Chegamos ao segundo longa-metragem de Vinícius Reis, aguardado desde Praça Saens Peña, que  jaz há cinco anos (2008). Na febril aventura, o espectador balança a cabeça, estende o dedo indicador em um leve giro e se gaba: “Estou certo!” Acredita que matou a charada de Noites de Reis, tal e qual um ladino Conan Doyle. É assim que prossegue: “Olhem lá, não vêem? Igual ao outro! O diretor repetiu o tripé de marido-mulher-e-filha”. Em Praça Saens Peña, um professor é casado com uma lojista bonitona e concentram a prole na filha única, adolescente. O filme vibra em vários trechos, captura uma fração da alma carioca e entra, com gosto, no rol dos melhores filmes brasileiros da primeira década do século XXI. Talvez pelo conforto adquirido em Praça Saens Peña ou até mesmo pela fixação de repetir um retrato familiar com duas bacantes e um homem, a questão é que nas Noites de Reis vemos Dora (Bianca Byington), Jorge (Enrique Díaz) e Júlia (Raquel Bonfante). Mãe, pai e filha que se aguentam. Agora os três carregam atrás de si um cadáver, ausente aos nossos olhos: outro filho morreu. É sobre ele o filme. O morto não aparece, mas a existência anterior sussurra tragédias. Está invisível no plein-air de Paraty, como uma Sheherazade a quem se ouve no iminente silêncio.

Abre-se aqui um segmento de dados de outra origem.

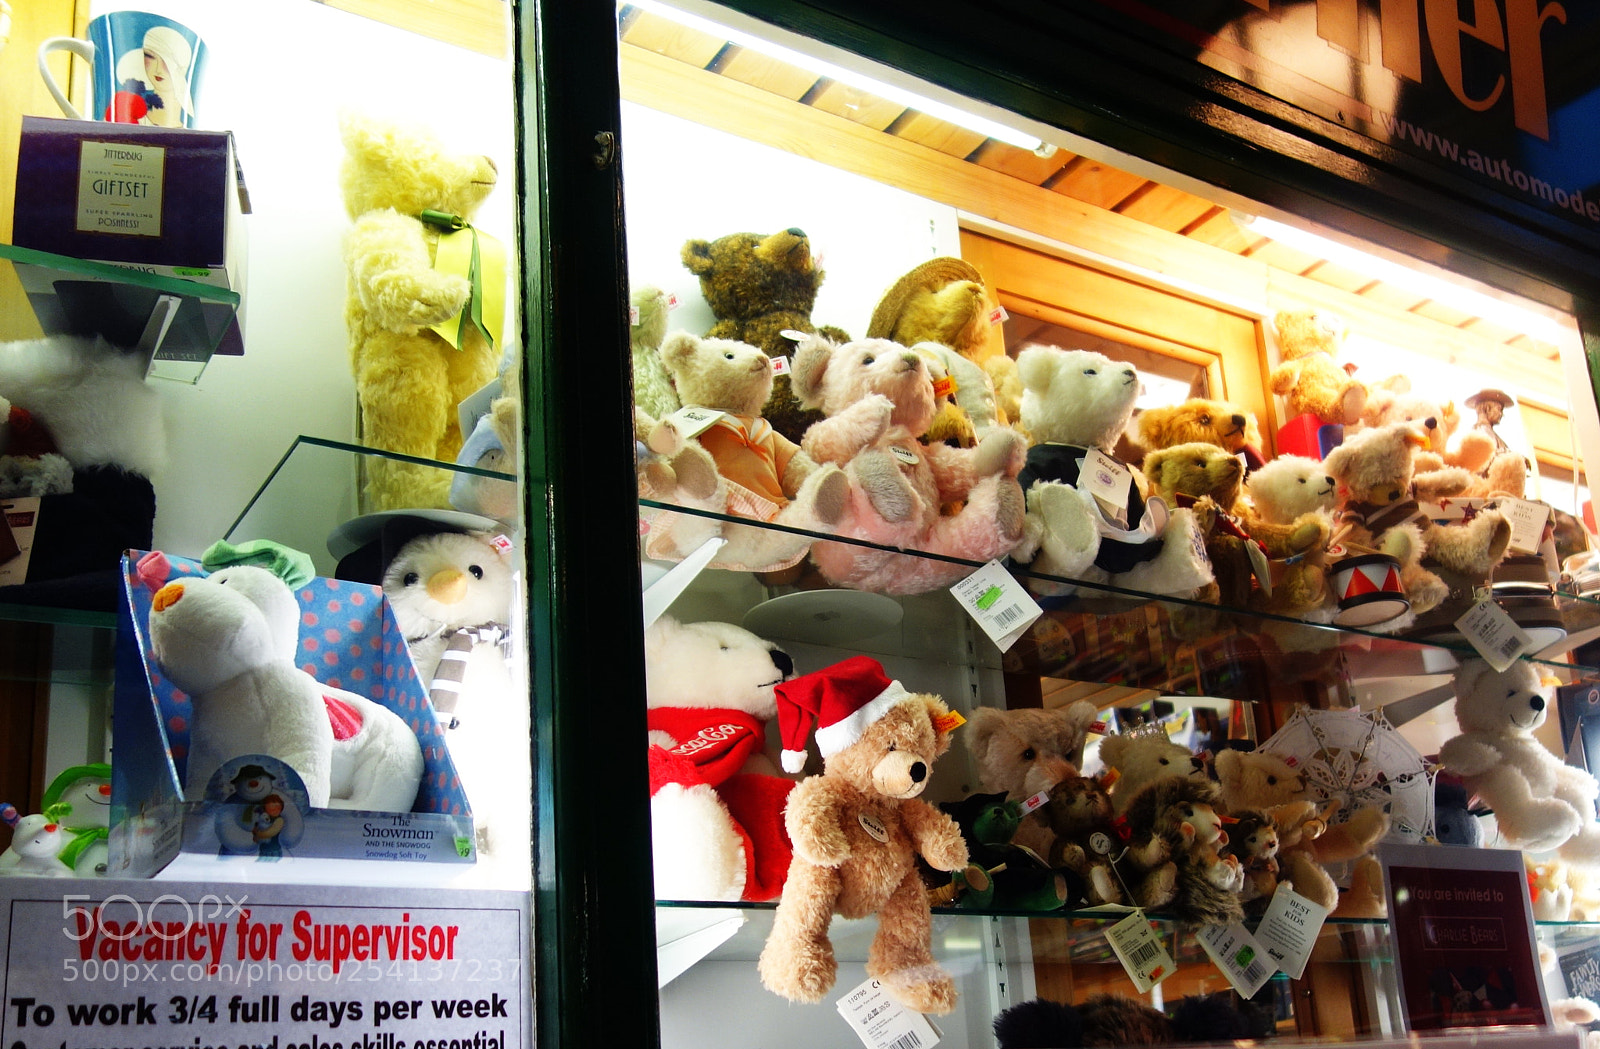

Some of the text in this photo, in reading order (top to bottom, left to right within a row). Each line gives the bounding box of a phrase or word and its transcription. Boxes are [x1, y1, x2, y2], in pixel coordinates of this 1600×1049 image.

[104, 149, 143, 161] JITTERBUG
[391, 815, 411, 827] The
[362, 823, 435, 840] Snowman
[365, 840, 431, 849] AND THE SNOWDOG
[365, 850, 398, 860] Snowdog
[415, 852, 428, 861] Toy
[1409, 886, 1431, 900] You
[1454, 887, 1491, 902] invited
[1289, 899, 1311, 916] BEST
[1283, 910, 1305, 927] KIDS
[75, 906, 459, 976] Vacancy for Supervisor
[11, 993, 508, 1029] To work 3/4 full days per week
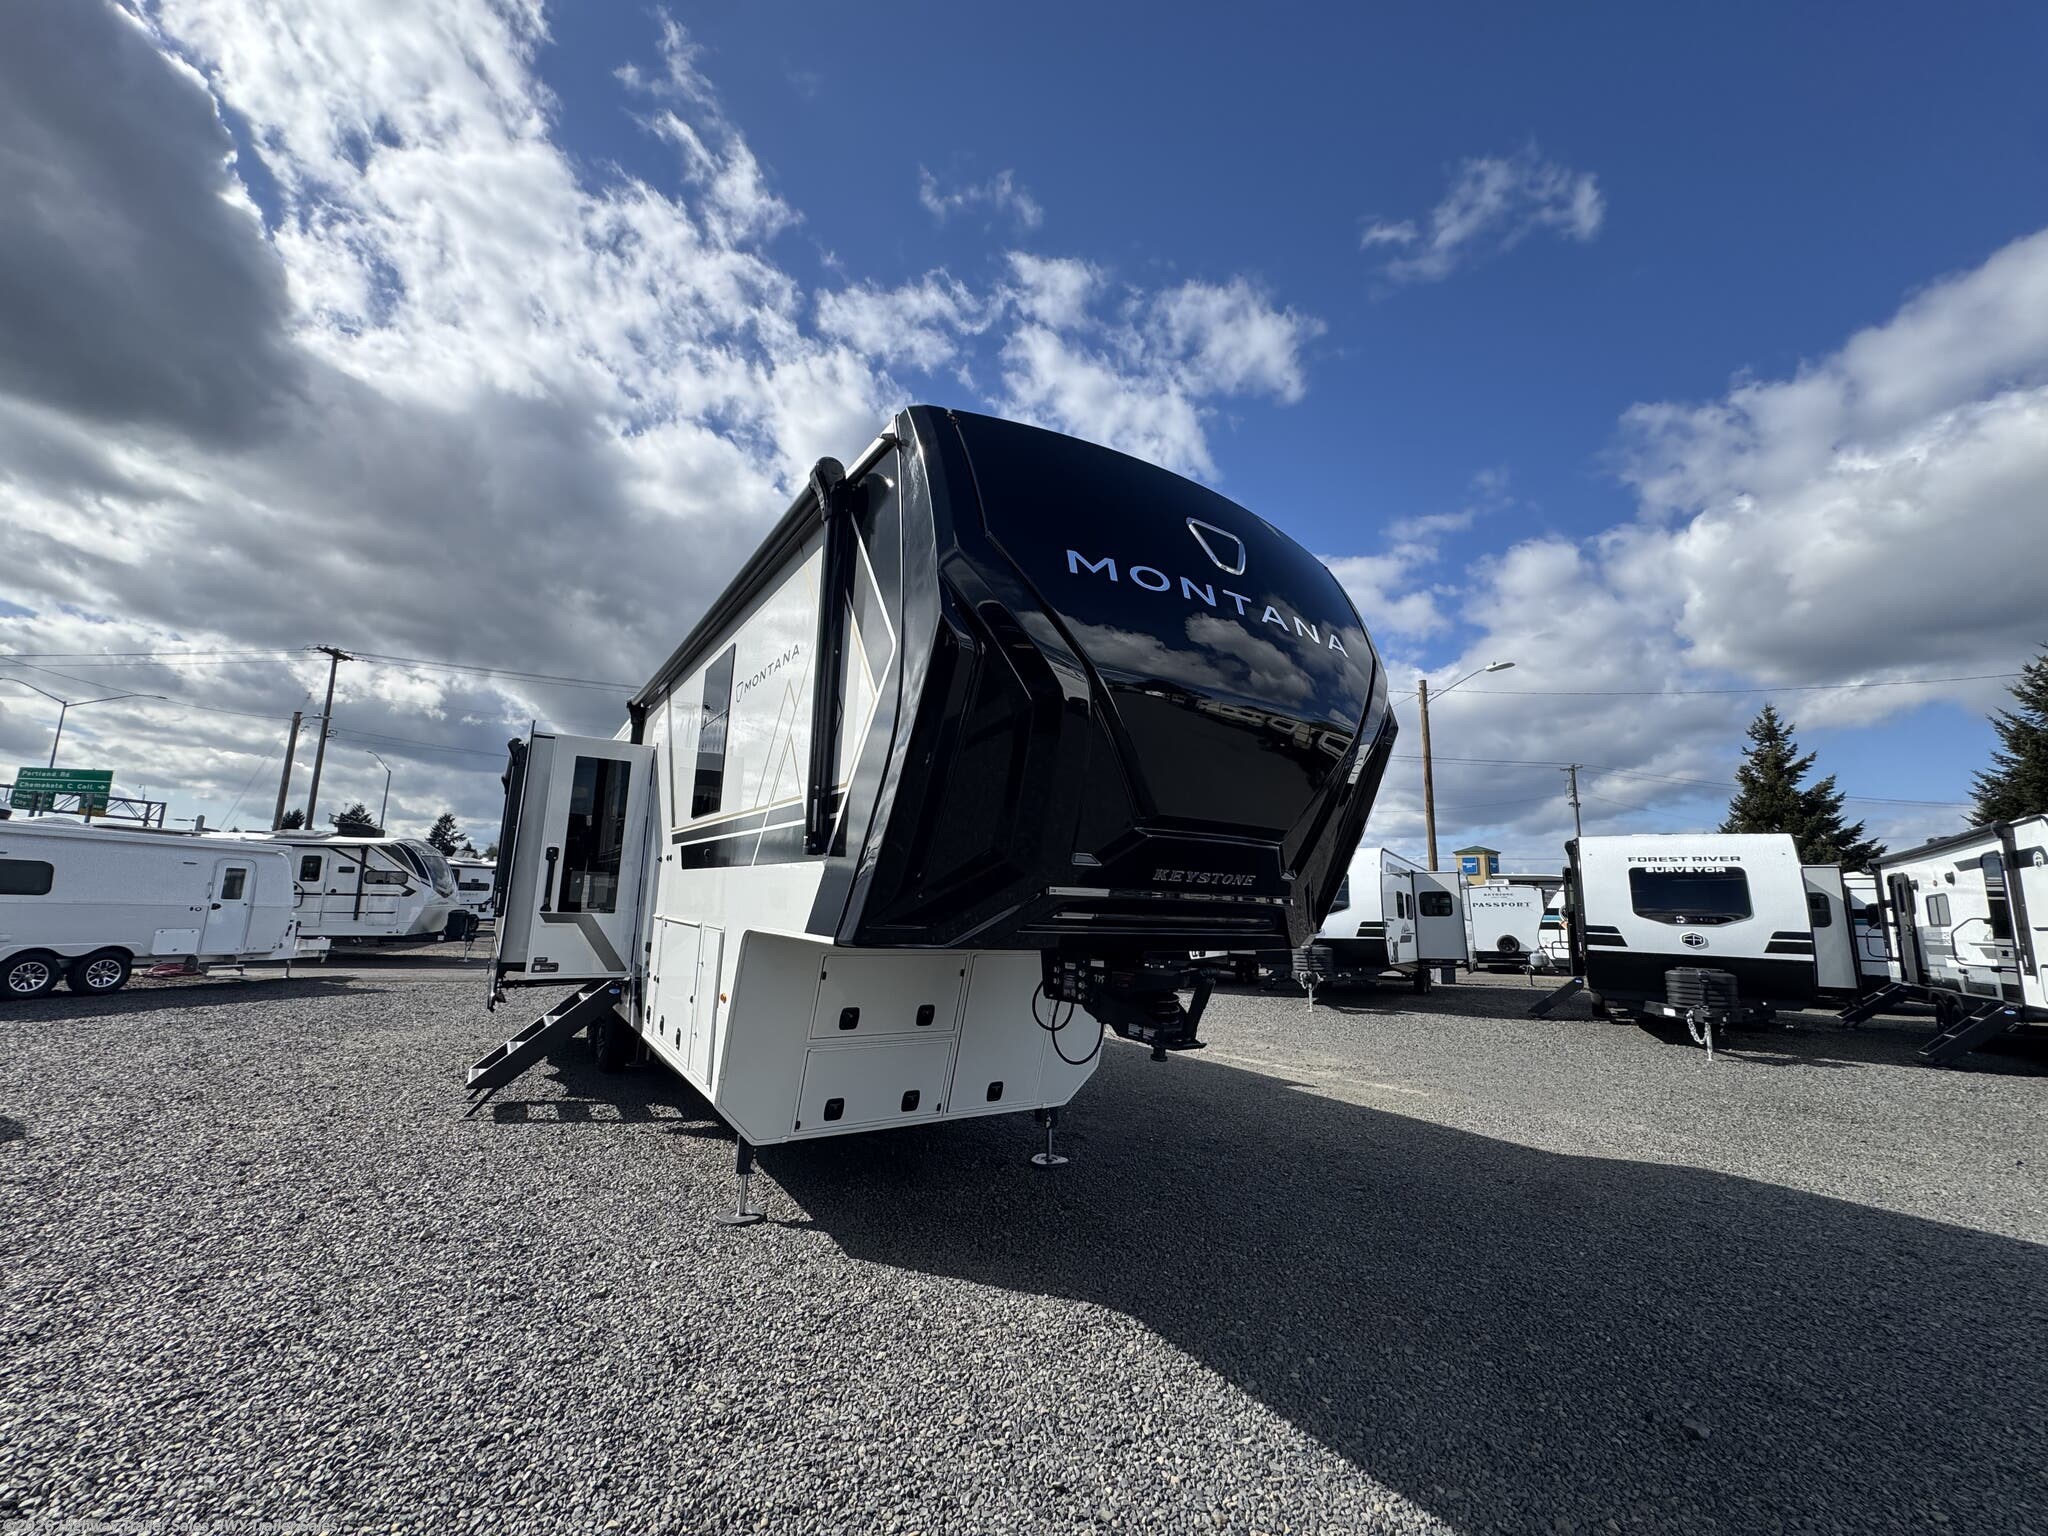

A Paraty de Noites de Reis esqueceu o famoso ciclo dos anos 1970, em que pontificava Nelson Pereira do Santos. Parecendo uma locação guardada por mil séculos, a cidade era o prato cheio de Como Era Gostoso o Meu Francês (1970) e Quem É Beta? (1972). Em Noites de Reis, não devemos esperar Villegagnon e as alegorias sobre os problemas nacionais – àquela altura, corriam soltos Garrastazu Médici e o AI-5. Paraty jogou ao chão a tule de vestal. É agora um terreno sem papoulas, despido de todos os paraísos artificiais. Uma cidadela interiorizada, refúgio da família de Dora, que já morava por lá quando o filho morre. A cidade e a casa em que vivem são dois eixos da narrativa. Tanto servem de cemitério – o garoto morreu dentro de um dos quartos – quanto de pacato lar – ajeitado, obediente às normas do IPHAN e aceito pelo gosto médio geral.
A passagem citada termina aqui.